Montana passed the Sedition Act in 1918 amid an anti-German
fervor, and it became the model for the Federal Sedition Act of
1918. The Montana Legislature created the Montana Council of
Defense, which banned the use of the German language, even in
church pulpits, and barred a number of books about Germany.
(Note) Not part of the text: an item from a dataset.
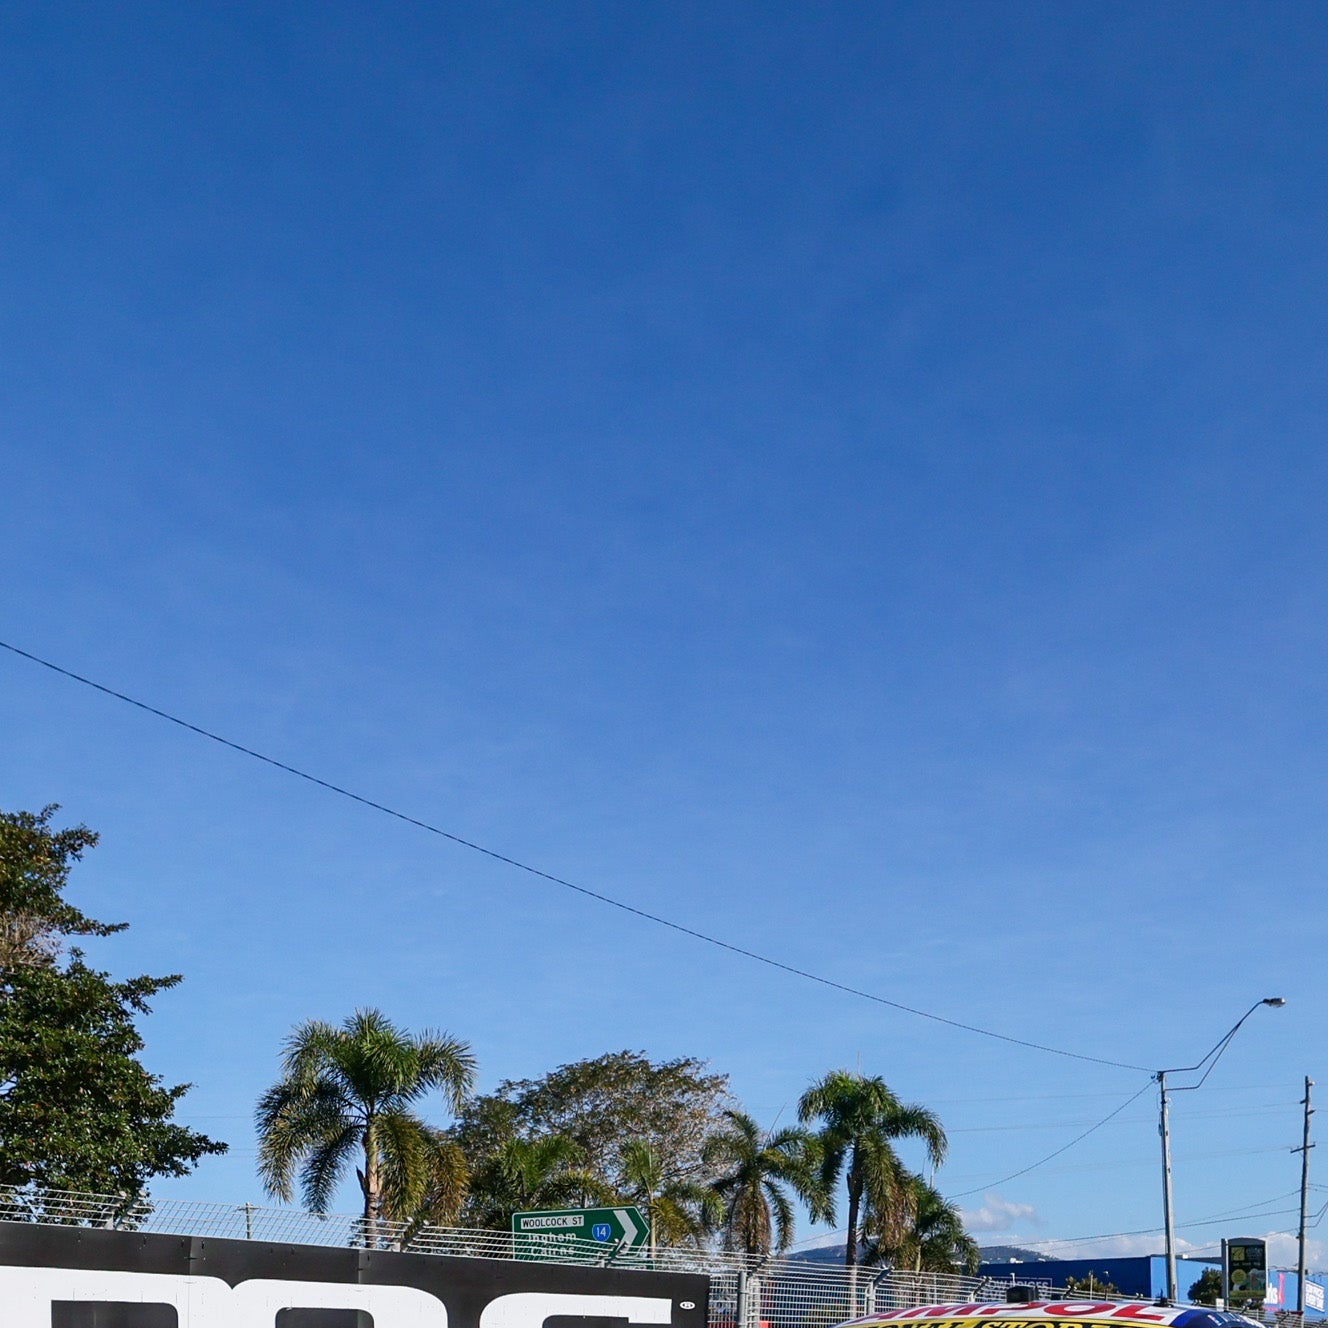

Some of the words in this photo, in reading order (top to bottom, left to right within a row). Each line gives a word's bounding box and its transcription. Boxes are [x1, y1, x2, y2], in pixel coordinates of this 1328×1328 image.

[522, 1217, 568, 1228] WOOLCOCK
[572, 1216, 583, 1225] ST
[596, 1226, 607, 1238] 14
About 50 relatives of eight of the men convicted traveled
to Helena for the ceremony. As each person’s name was read,
family members approached the governor. Schweitzer signed their
ancestor’s pardon and handed it to them.
“It’s not the American way for neighbor to spy on
neighbors,” Schweitzer said. “And today, we ask that we never
forget the mistakes that we’ve made so that we don’t make them
“For those of who are to honor your ancestors, I say to
you, they were patriots,” Schweitzer concluded as the crowd
rose to applaud.
ONE IMMIGRANT BACKED GERMANY
One of those imprisoned for 28 months was Herman Bausch, a
German immigrant and farmer, who was convicted of sedition for
his comments made when he refused to buy Liberty Bonds or help
the Red Cross.
“I don’t care anything for the Red, White and Blue,” he was
suspected of saying, and added, “I would rather see Germany win
than France (or) England.”
His daughter, Farida “Fritzi” Briner of Tahoe City,
California was on hand to see her late father pardoned. “It was
very exhilarating,” Briner said. “It’s a bright and shining day
for all of us.”
As a child, Briner said she sensed “something dreadful had
happened” in her family’s history. Finally, her mother told her
the details, although her father did not broach the subject.
A book, “Darkest Before Dawn,” published last fall by
Clemens Work, a University of Montana journalism professor
launched the effort to clear the names of those convicted of
sedition in Montana.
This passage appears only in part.